Exercise brief —
Please repeat the whole listing exactly, but leave the pictures out.

Supplied information —
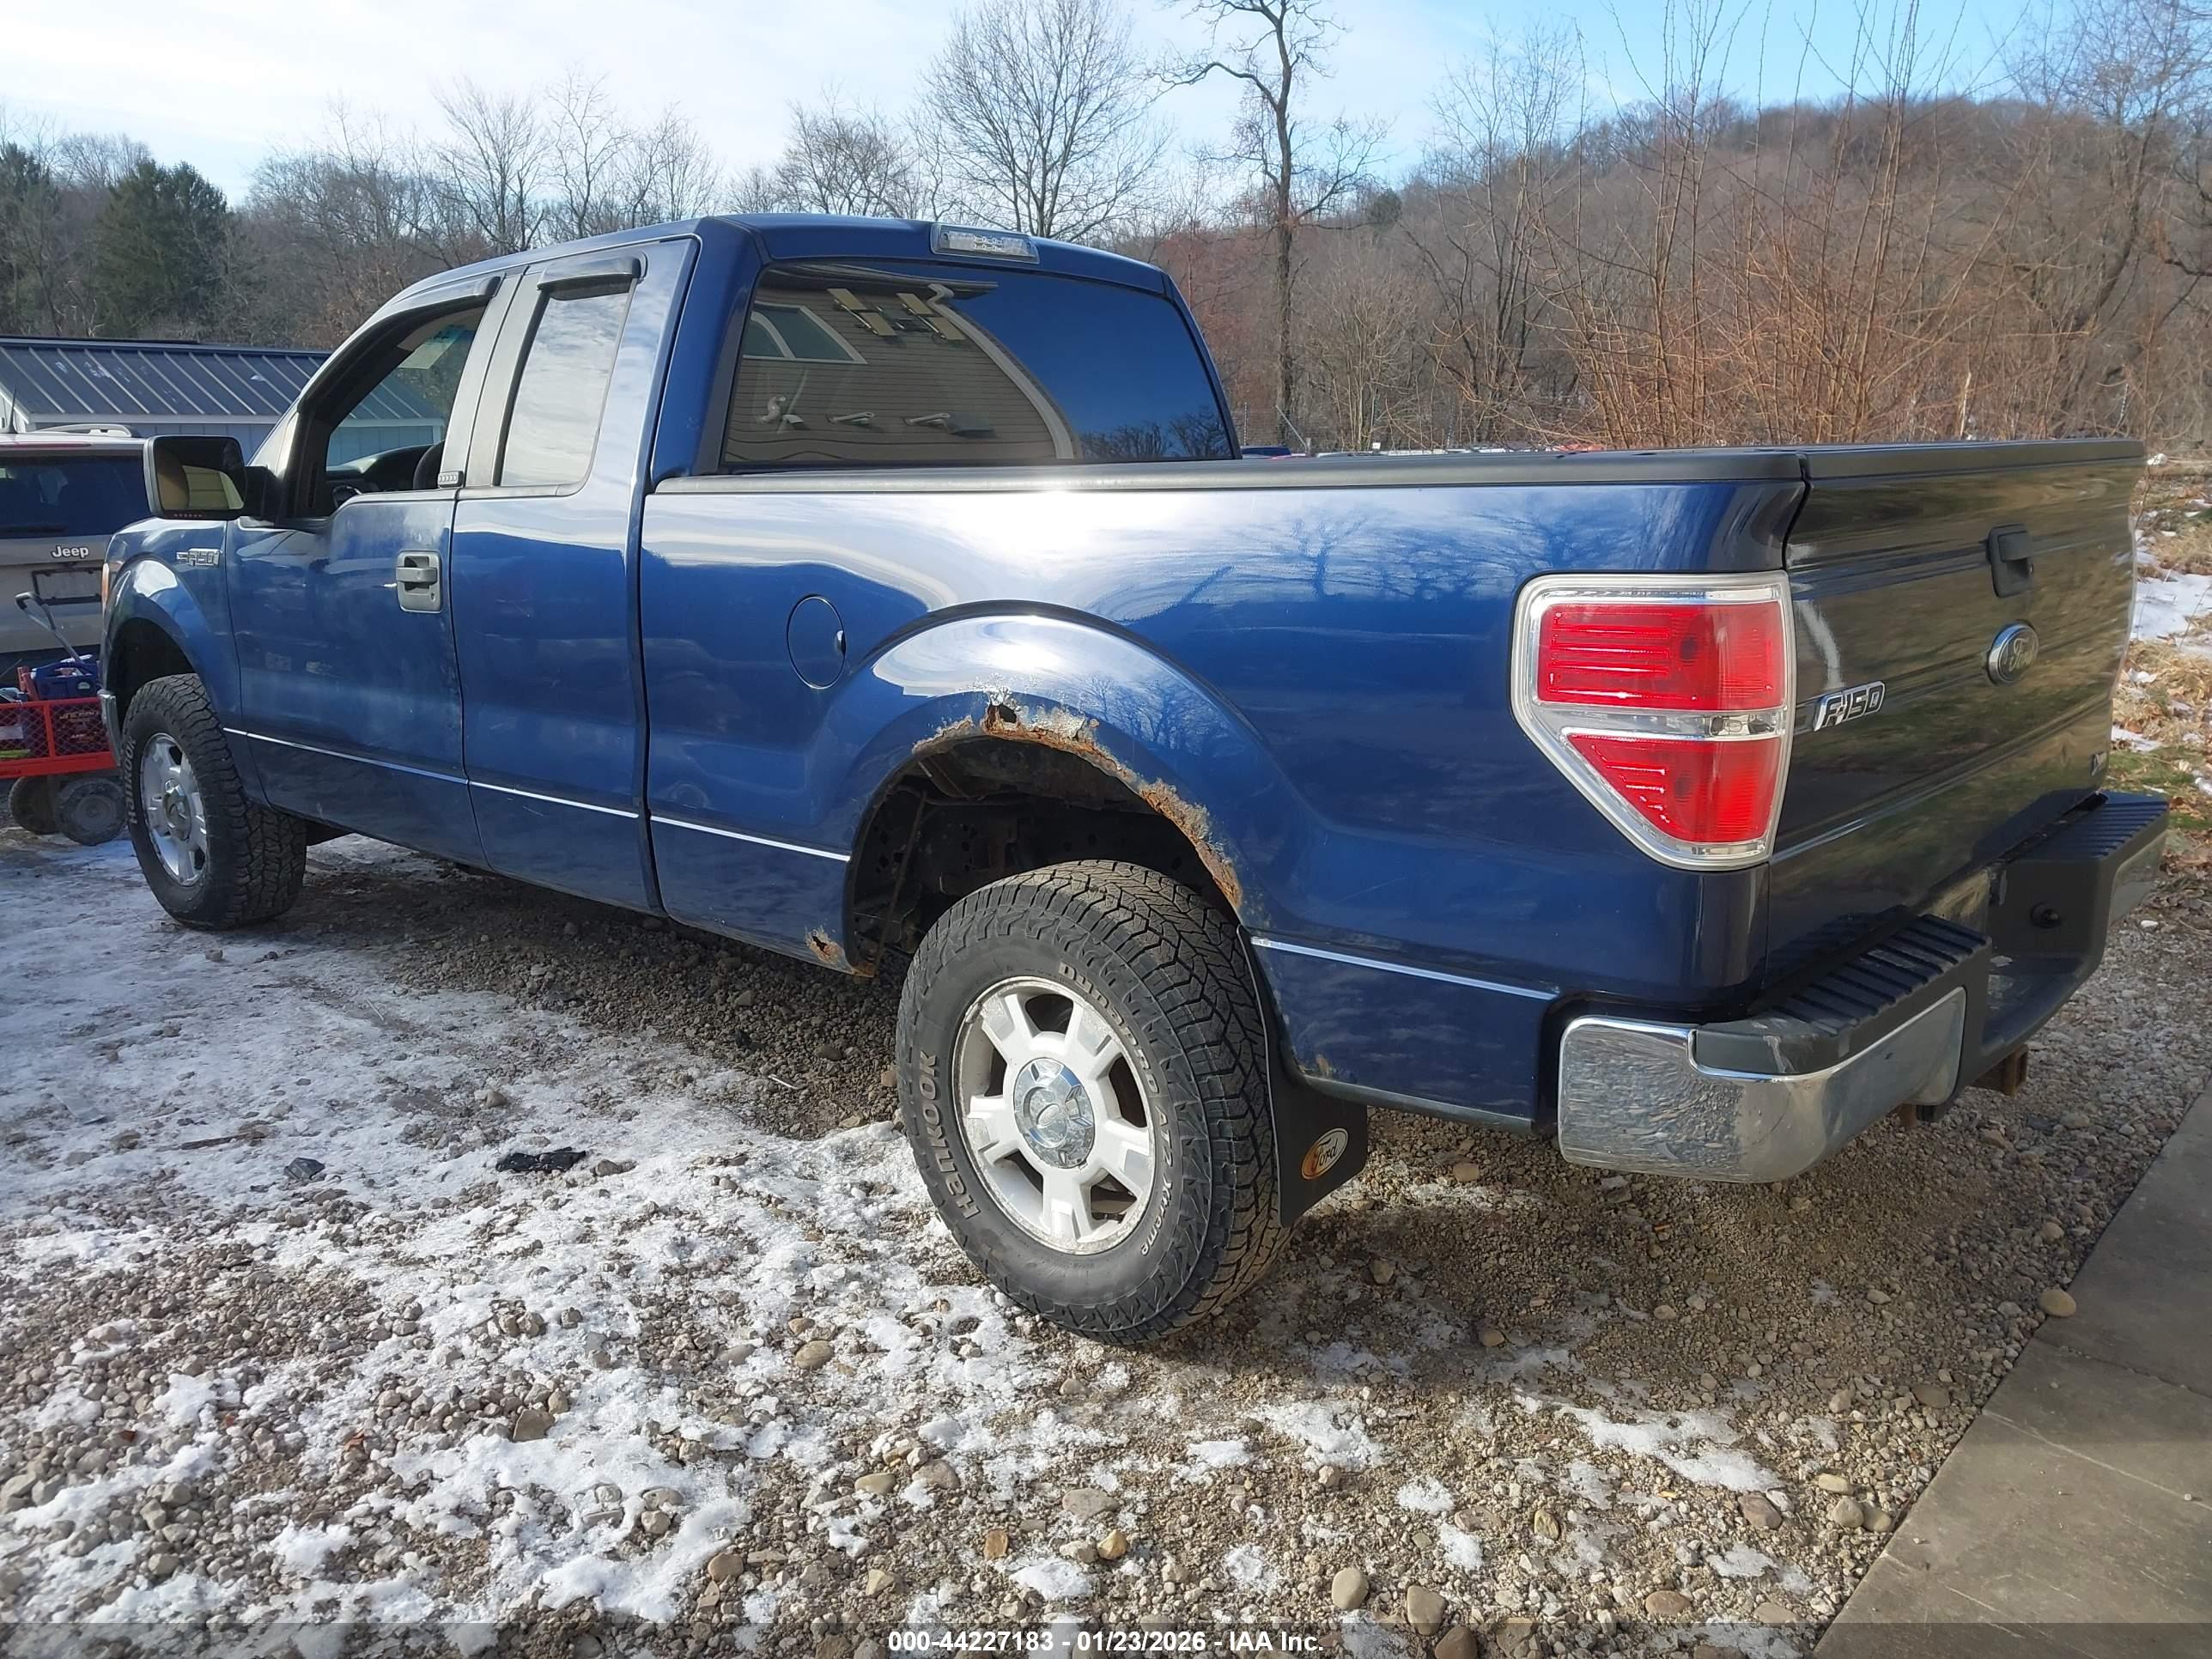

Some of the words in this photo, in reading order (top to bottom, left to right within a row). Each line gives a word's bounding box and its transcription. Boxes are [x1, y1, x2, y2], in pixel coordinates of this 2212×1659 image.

[52, 545, 89, 558] Jeep
[1155, 1104, 1173, 1168] AT2
[1310, 1137, 1339, 1172] Ford
[1139, 1173, 1174, 1256] Xtreme
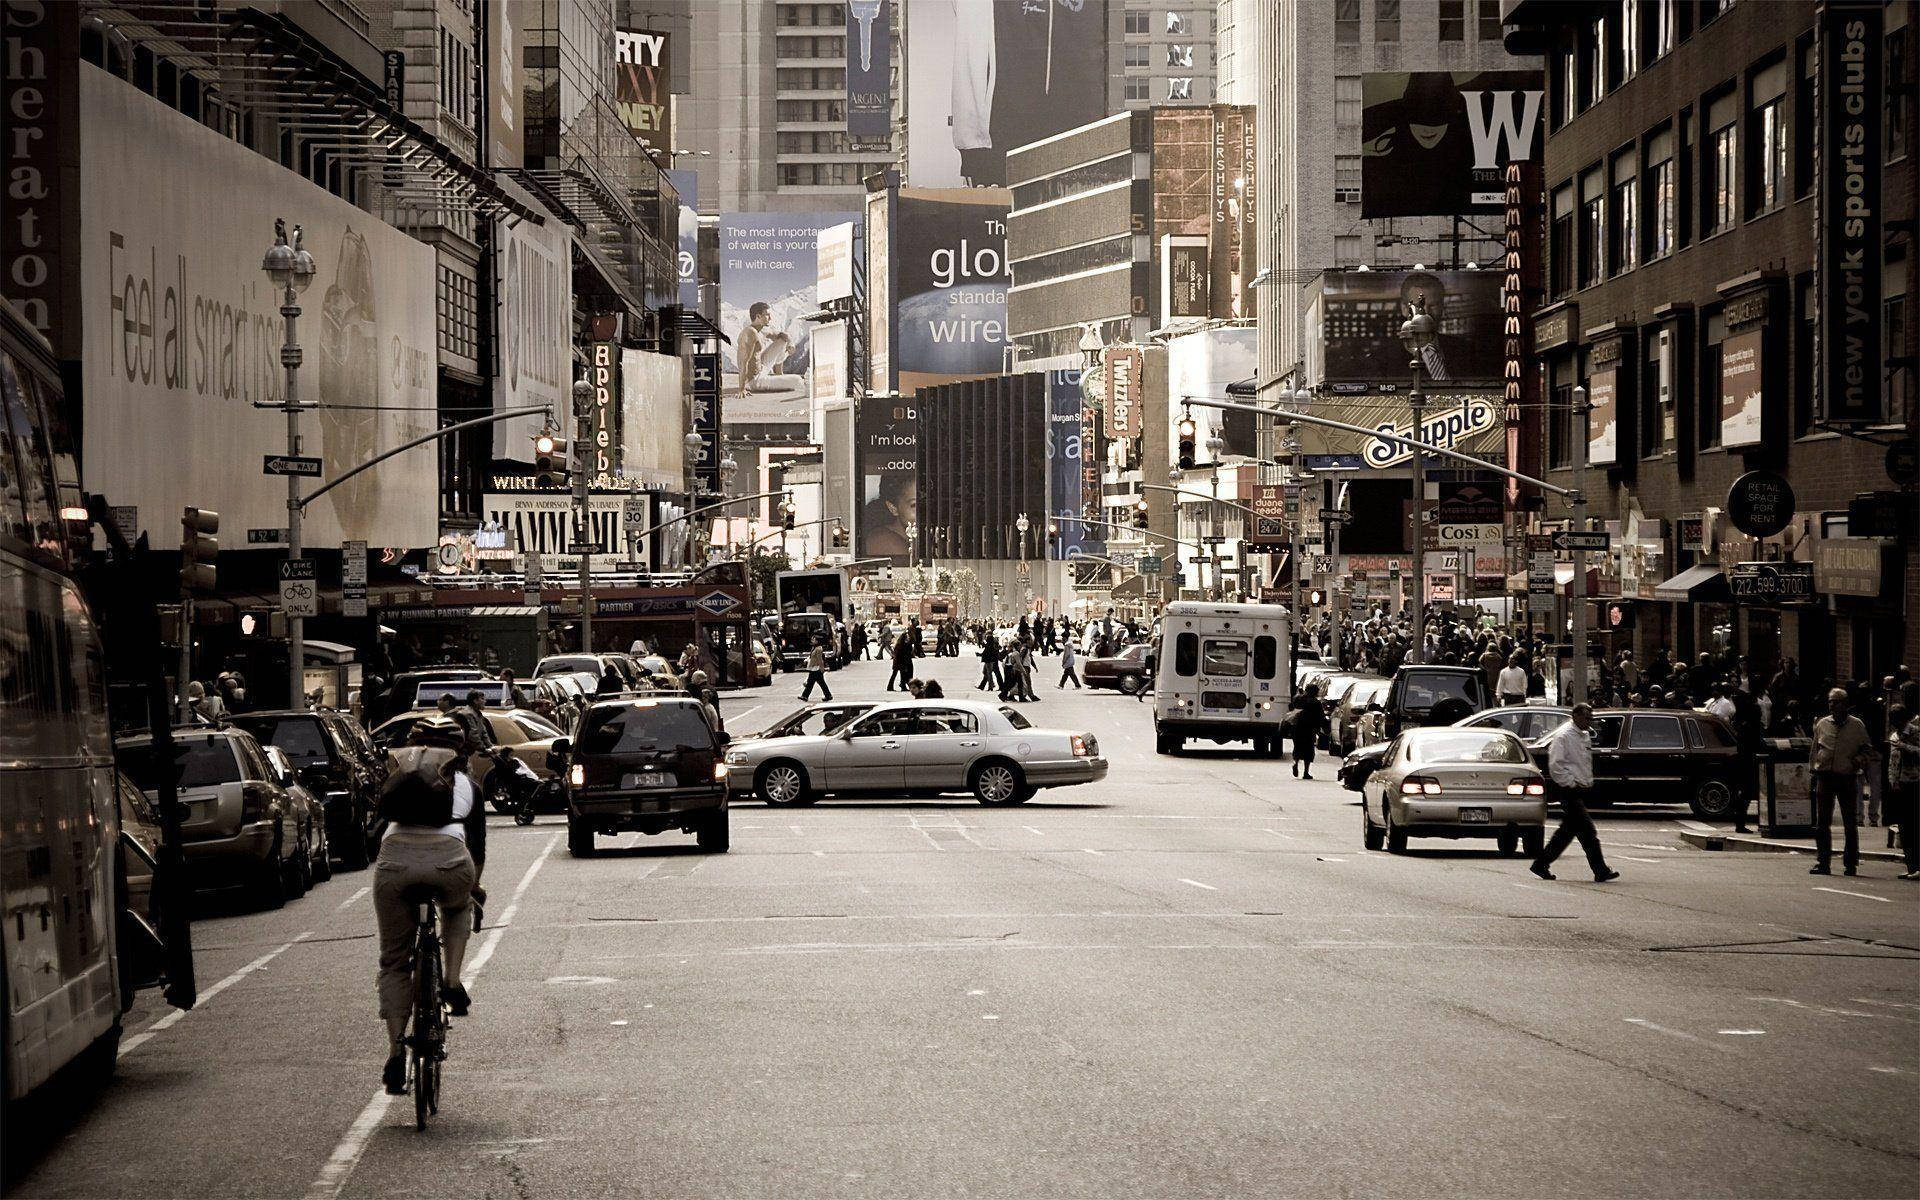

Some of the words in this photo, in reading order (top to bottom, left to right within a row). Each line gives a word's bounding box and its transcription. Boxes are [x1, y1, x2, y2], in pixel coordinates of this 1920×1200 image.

Solution to this exercise —
Some of the words in this photo, in reading order (top to bottom, left to right within a row). Each line gives a word's bounding box and its transcription. Boxes are [x1, y1, x2, y2], in pixel coordinates of this 2212×1659 image.

[52, 545, 89, 558] Jeep
[1155, 1104, 1173, 1168] AT2
[1310, 1137, 1339, 1172] Ford
[1139, 1173, 1174, 1256] Xtreme

Some of the words in this photo, in reading order (top to bottom, left to right within a row). Each line gives a word's bounding box and its transcription. Boxes are [x1, y1, x2, y2], in pixel coordinates of this 1920×1200 image.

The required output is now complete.